Durant l’audience, a également été présentée une lettre adressée par la Commission d’État chargée des prisonniers de guerre et des personnes portées disparues au Parquet général, signalant que 37 des 54 prisonniers auxquels le Comité international de la Croix-Rouge avait rendu visite durant la première guerre du Karabagh avaient disparu de manière violente après avoir été détenus par des militaires arméniens.
Le tribunal a par ailleurs examiné les circonstances tragiques relatives à la mort de huit prisonniers en 1994 à Erevan, ainsi qu’une déclaration de l’accusé L. Mnatsakanian, faite lors d’une interview à Choucha, évoquant environ 400 pertes au sein de la brigade « Yashma », réévaluée au cours de l’audience.
Le tribunal a ensuite procédé à la lecture des dépositions des victimes ainsi que des représentants légaux des victimes décédées.
Le procès se poursuivra le 31 octobre.
Il convient de noter que 15 personnes d'origine arménienne sont accusées dans le cadre d'une affaire pénale portant sur de nombreux crimes commis au cours de la guerre d'agression menée par l'État arménien et de l’organisation criminelle susmentionnée. Cette guerre a été menée sous la direction et avec la participation directe des organismes étatiques arméniens, de leurs responsables, de leurs forces militaires et d’unités armées illégales. Elle s'est déroulée sous la gestion centralisée et le contrôle strict de l'Arménie, avec des ordres, directives et instructions donnés à la fois verbalement et par écrit, ainsi qu'un soutien matériel, technique et en personnel fourni par l'État arménien. L'affaire concerne également la création d’entités illégales sur le territoire de l'Azerbaïdjan dans le but d'agresser militairement le pays, en violation des normes du droit interne et international.
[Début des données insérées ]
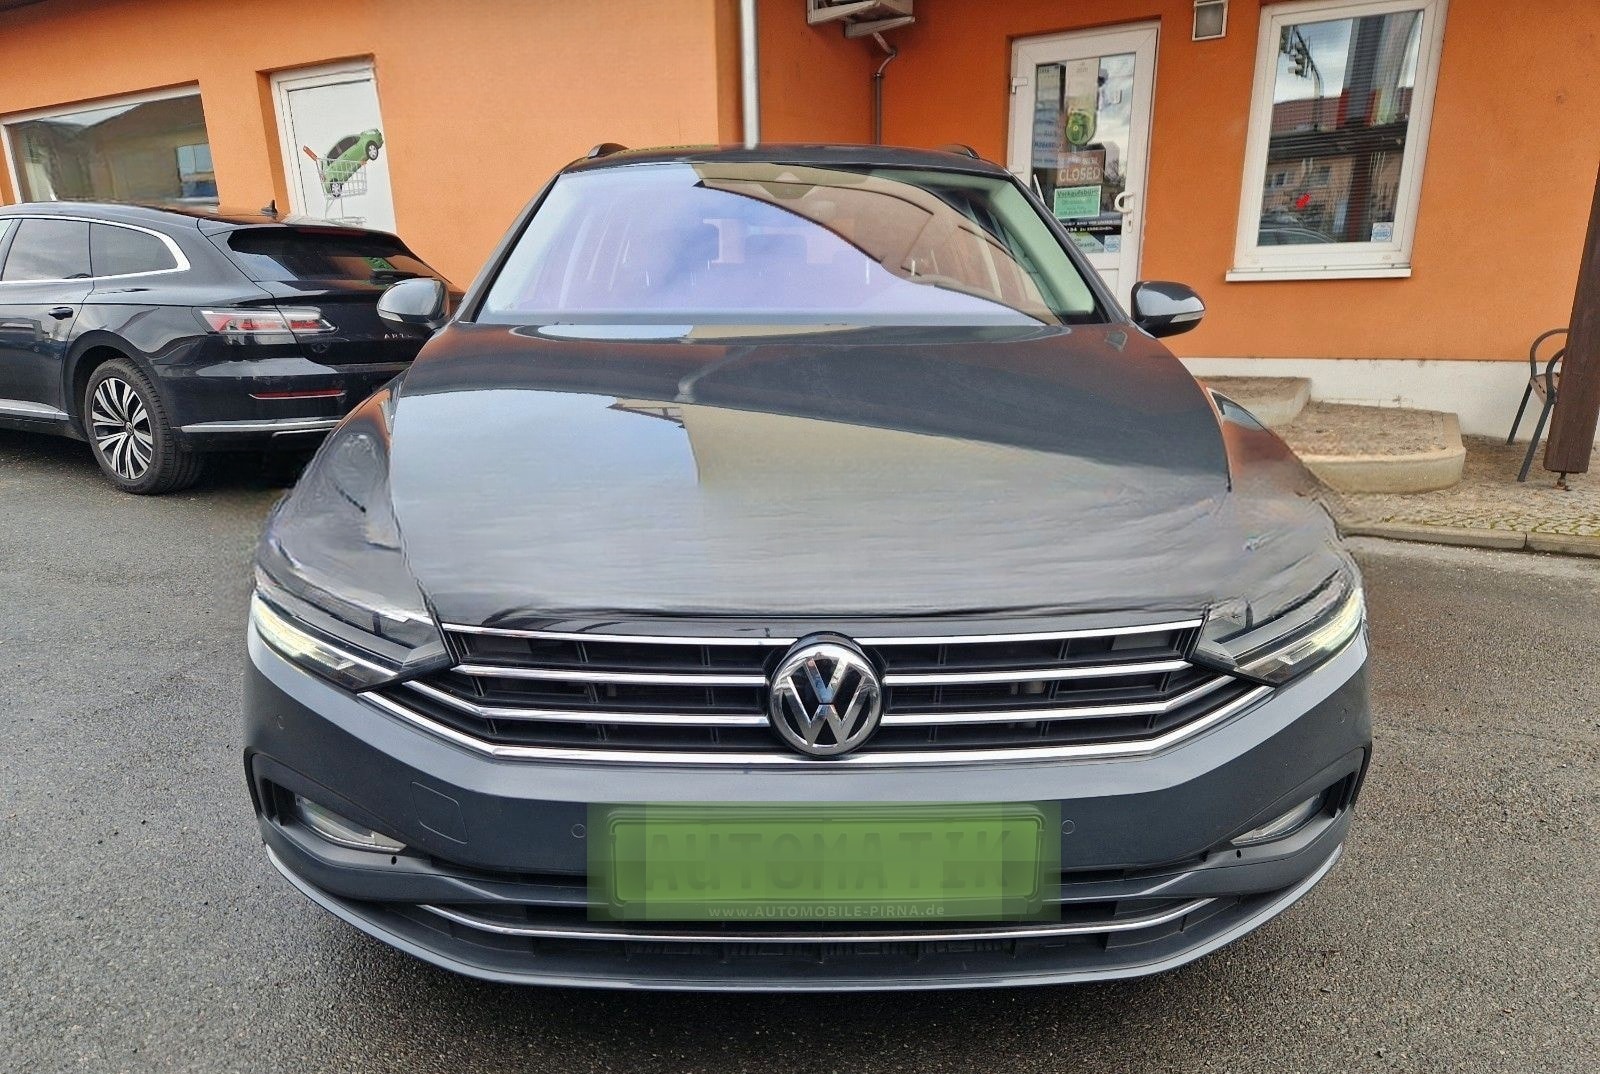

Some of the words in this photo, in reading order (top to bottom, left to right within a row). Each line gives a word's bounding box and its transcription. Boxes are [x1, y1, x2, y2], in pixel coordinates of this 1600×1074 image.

[1060, 167, 1101, 181] CLOSED
[775, 647, 876, 752] VW
[646, 831, 1011, 891] AUTOMATIK
[708, 904, 945, 917] www.AUTOMOBILE-PIRNA.de
Parmi les figures impliquées directement ou indirectement dans ces actes figurent Robert Kotcharian, Serge Sarkissian, Vazgen Manoukian, Vazgen Sarkissian, Samvel Babayan, Vitali Balassanian, Zori Balayan, Seyran Ohanyan, Archavir Karamian, Monte Melkonian et d'autres encore.
Il est à noter que 15 personnes, dont Araïk Haroutiounian, Arkadi Ghoukassian, Bako Sahakian, Davit Ichkhanian, David Manoukian, David Babayan, Levon Mnatsakanian, Vassili Beglaryan, Erik Ghazaryan, Davit Allahverdian, Gourgen Stepanian, Levon Balayan, Madat Babayan, Garik Martirossian et Melikset Pachayan, sont inculpées en vertu des articles 100 (planification, préparation, déclenchement et conduite d'une guerre d'agression), 102 (attaque contre des personnes ou des organisations bénéficiant d'une protection internationale), 103 (génocide), 105 (extermination de la population), 106 (réduction en esclavage), 107 (déportation ou déplacement forcé de la population), 109 (persécution), 110 (disparition forcée de personnes), 112 (privation de liberté contraire au droit international), 113 (torture), 114 (mercenariat), 115 (violation des lois et coutumes de la guerre), 116 (violation du droit international humanitaire en temps de conflit armé), 118 (pillage militaire), 120 (meurtre intentionnel), 192 (entrepreneuriat illégal), 214 (terrorisme), 214-1 (financement du terrorisme), 218 (création d'une association (organisation) criminelle), 228 (acquisition, transfert, vente, stockage, transport et possession illégaux d'armes, de leurs composants, de munitions, d'explosifs et de dispositifs), 270-1 (actes menaçant la sécurité de l'aviation), 277 (assassinat d'un fonctionnaire d'État ou d'une personnalité publique), 278 (prise et maintien du pouvoir par la force, changement forcé de la structure constitutionnelle de l'État), 279 (création d’unités et groupes armés non prévus par la loi) ainsi que d'autres articles du Code pénal de la République d'Azerbaïdjan.